When I moved in with hubby, the TV was a huge issue.  I found it next to impossible to figuring out what he was saying if the TV or music was on.  I am still the queen of the mute button.

He also drags me out places because exposing me to different sensory experiences helps my brain deal with them.  If I need to go or go to a quiet place for a while, he understands.  But, I also see the difference getting out does for me.  I am much better able to handle sensory confusing situations.

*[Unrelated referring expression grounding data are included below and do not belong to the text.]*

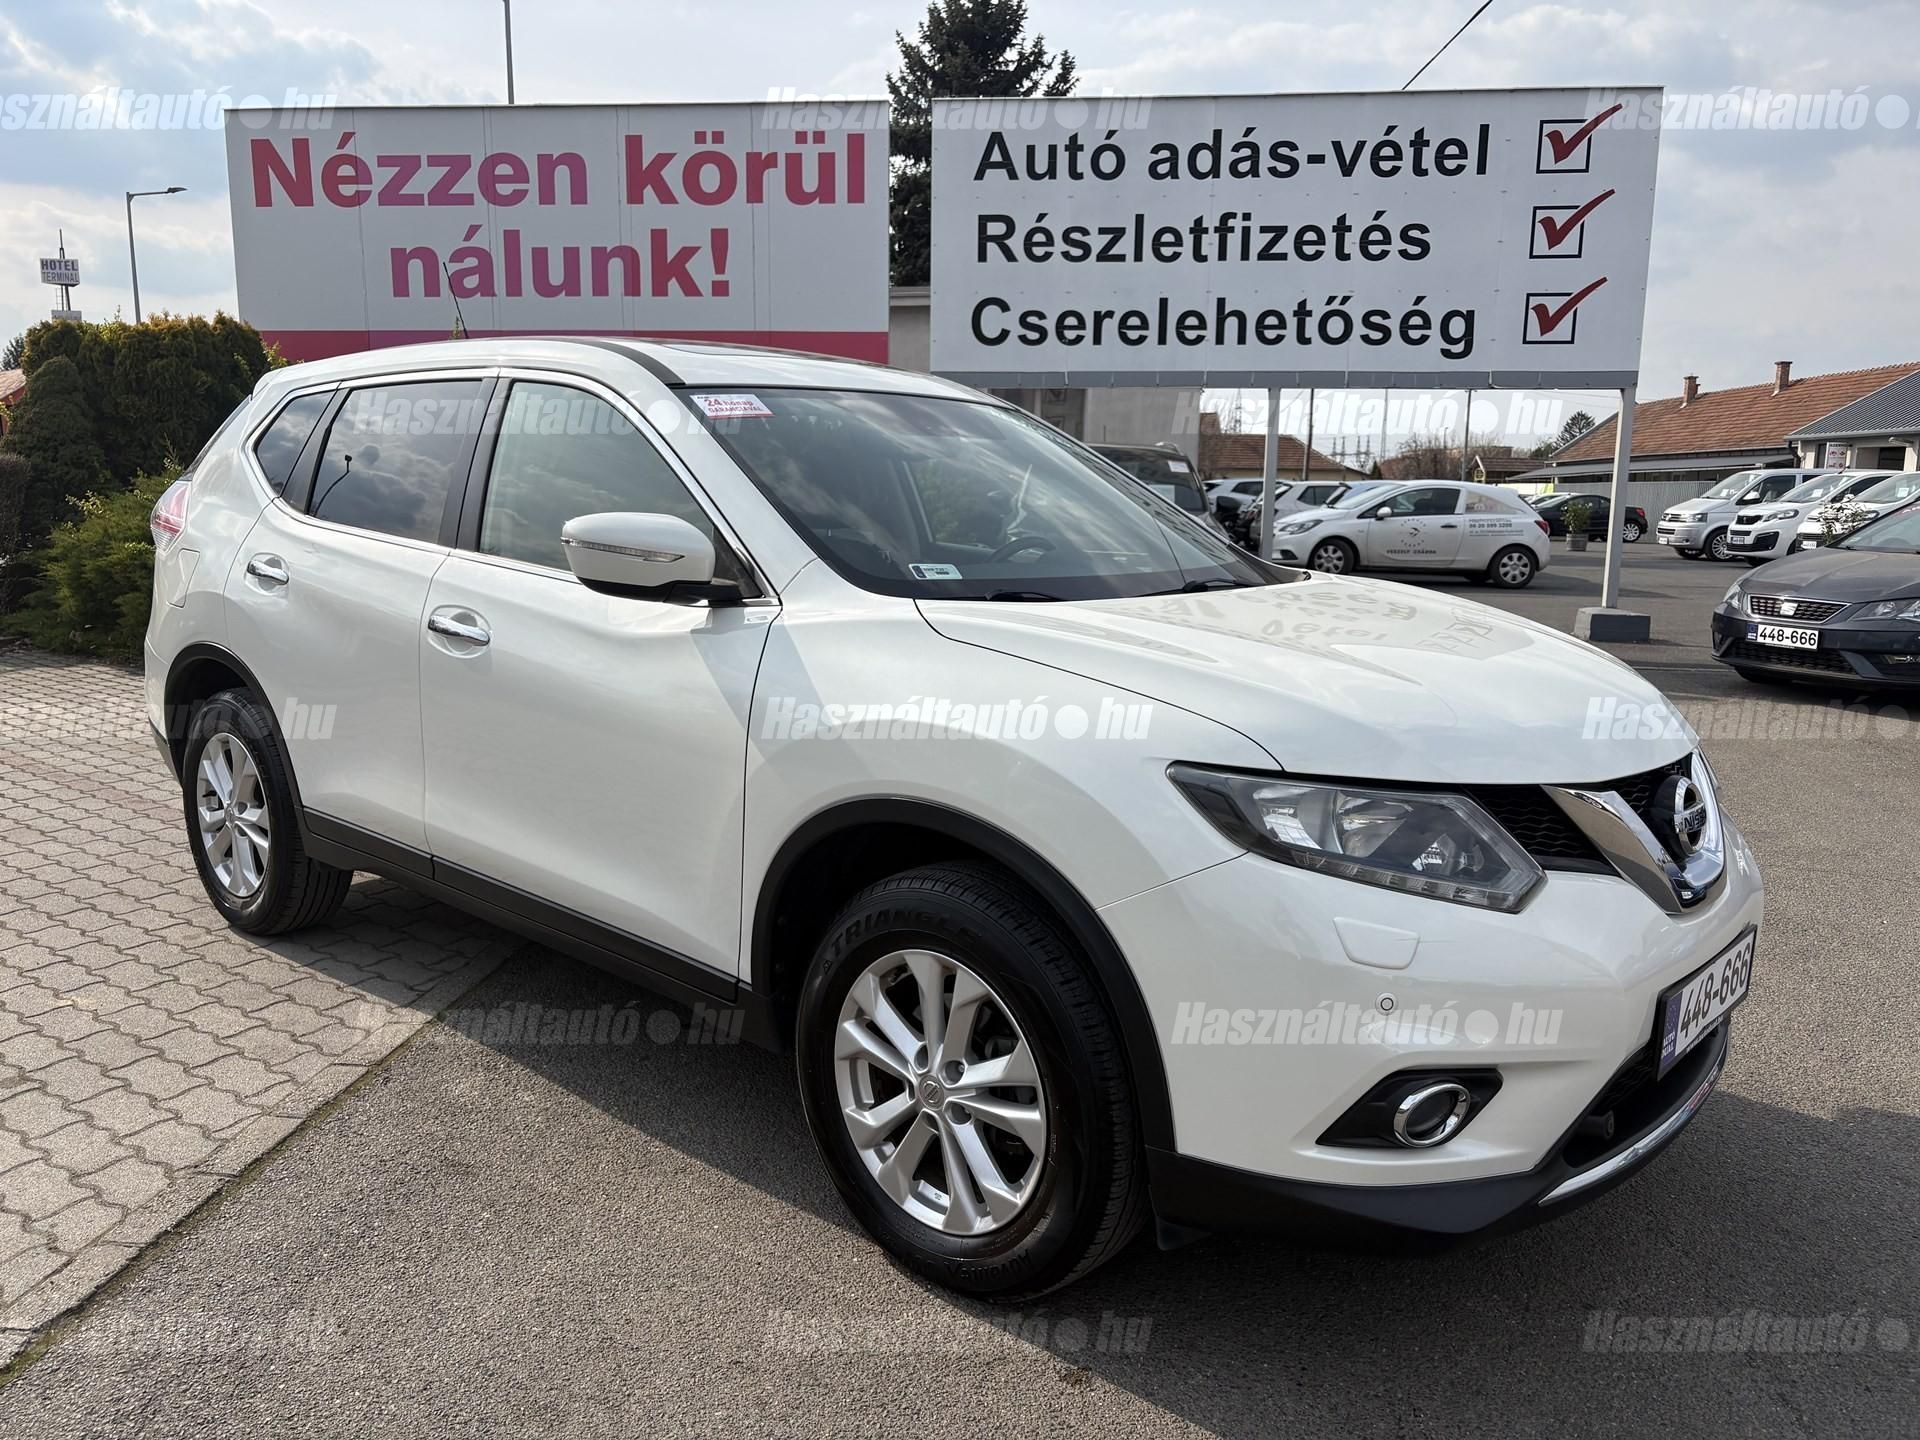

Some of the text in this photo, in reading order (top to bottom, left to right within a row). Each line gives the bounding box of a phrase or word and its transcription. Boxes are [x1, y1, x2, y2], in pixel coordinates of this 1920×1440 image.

[250, 131, 865, 208] Nézzen körül
[973, 124, 1490, 181] Autó adás-vétel
[41, 260, 79, 271] HOTEL
[390, 224, 729, 298] nálunk!
[977, 210, 1431, 264] Részletfizetés
[42, 271, 80, 282] TERMINAL
[971, 296, 1476, 360] Cserelehetőség
[1759, 627, 1817, 647] 448-666
[1680, 942, 1751, 1039] 448-666
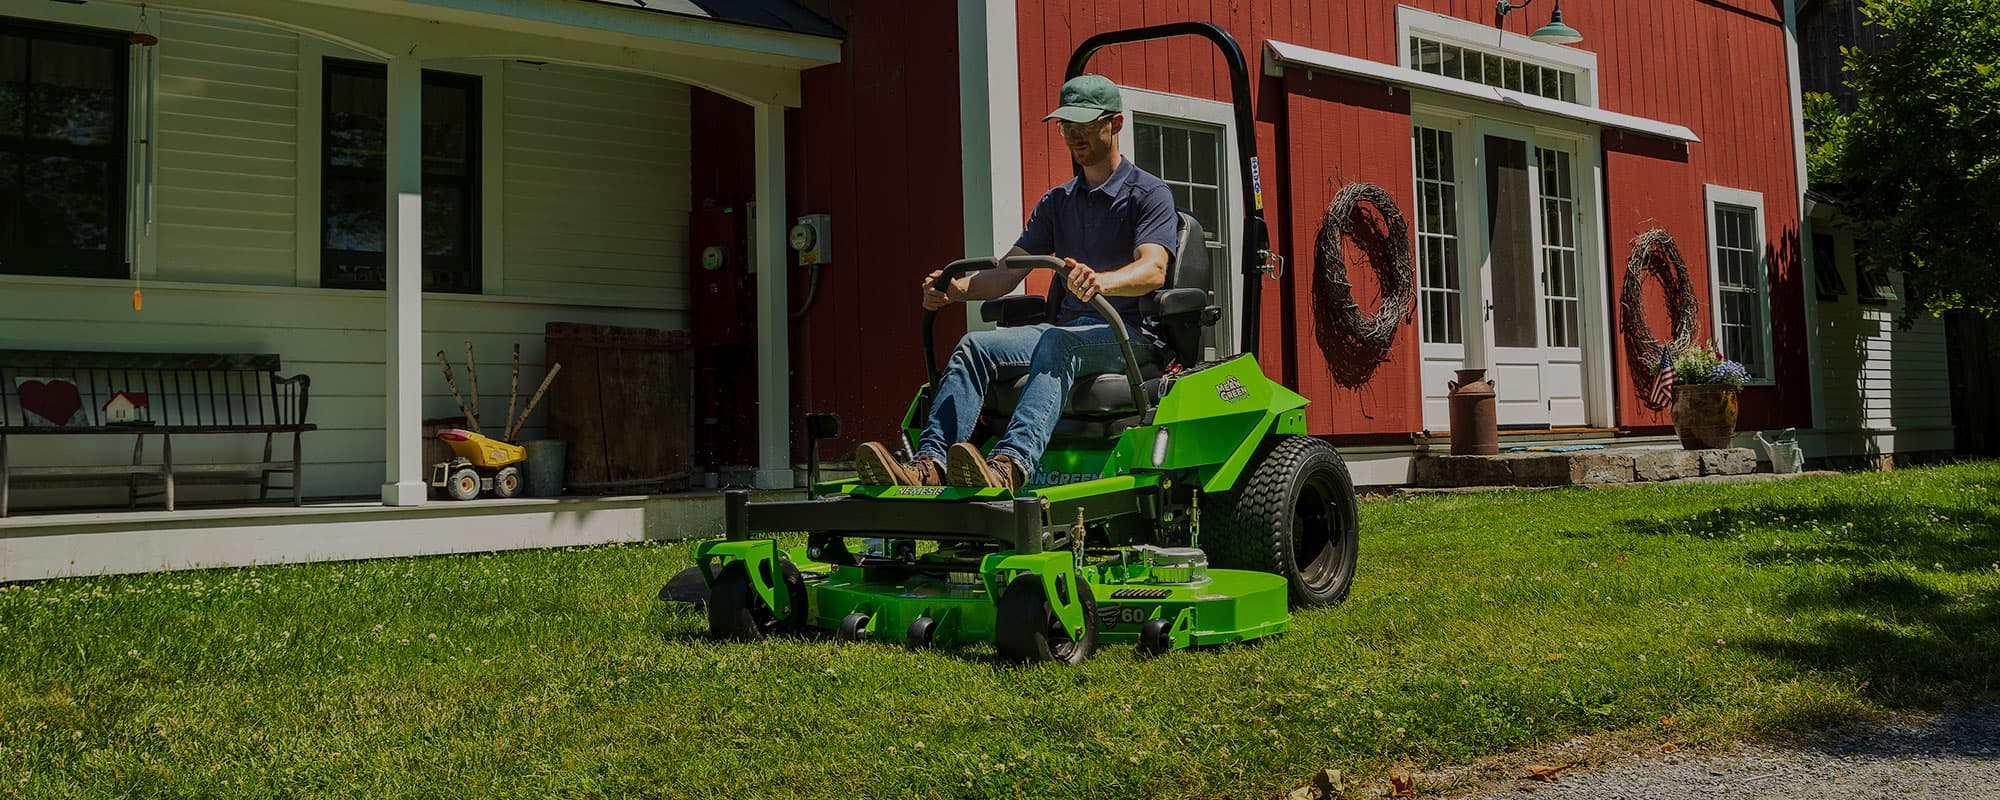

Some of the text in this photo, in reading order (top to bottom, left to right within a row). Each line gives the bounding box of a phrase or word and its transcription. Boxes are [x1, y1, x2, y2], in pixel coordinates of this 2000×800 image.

[1216, 379, 1240, 393] MEAN
[1220, 387, 1248, 400] GREEN
[961, 463, 973, 487] REL
[896, 487, 945, 495] NEMESIS
[1121, 608, 1144, 623] 60
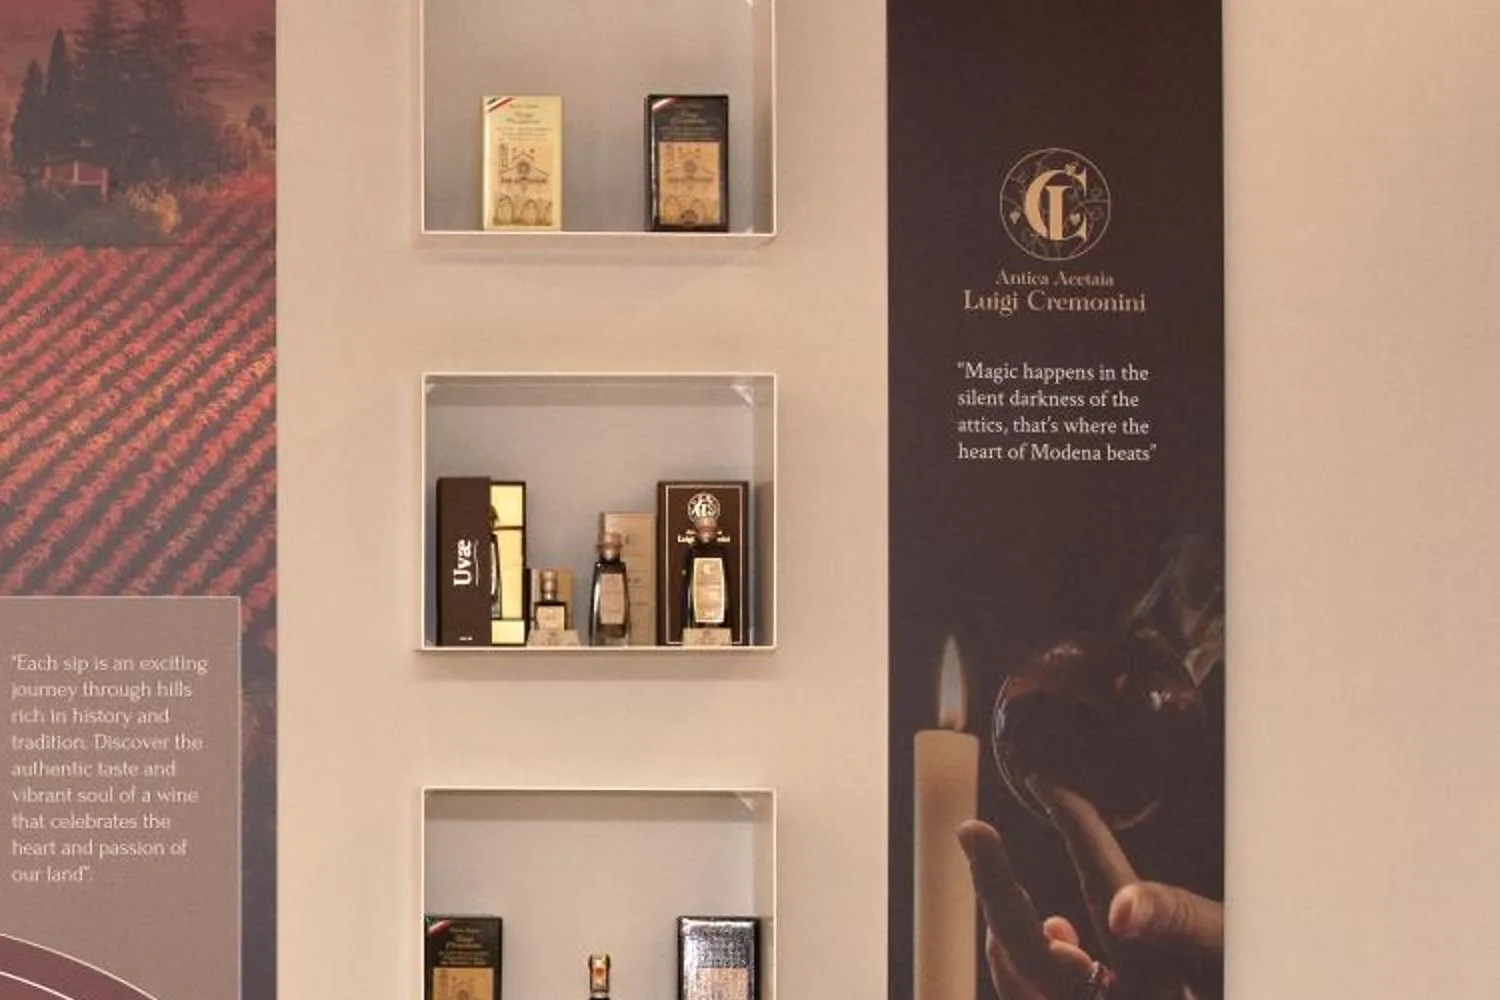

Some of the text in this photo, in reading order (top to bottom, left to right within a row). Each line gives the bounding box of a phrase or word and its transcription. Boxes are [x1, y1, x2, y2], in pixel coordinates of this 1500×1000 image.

My sister is the one who uses the saying, “Suck it up, princess,” which means that don’t whine about it, you are not at the center of the universe, just do it whether unpleasant or not.  Maybe it’s just “I don’t want to.”

I am starting to look forward to our outings, as long as I know what we are doing in advance so my mind has time to acclimate.  And, it’s all because of exposing myself do sensory different situations.  The TV is not as much of an issue anymore.

Sometimes I have to “escape” in a hot hurry, but that doesn’t happen as much anymore.  Hubby holds my hand tightly for comfort and we go to a quiet place and sometimes go home.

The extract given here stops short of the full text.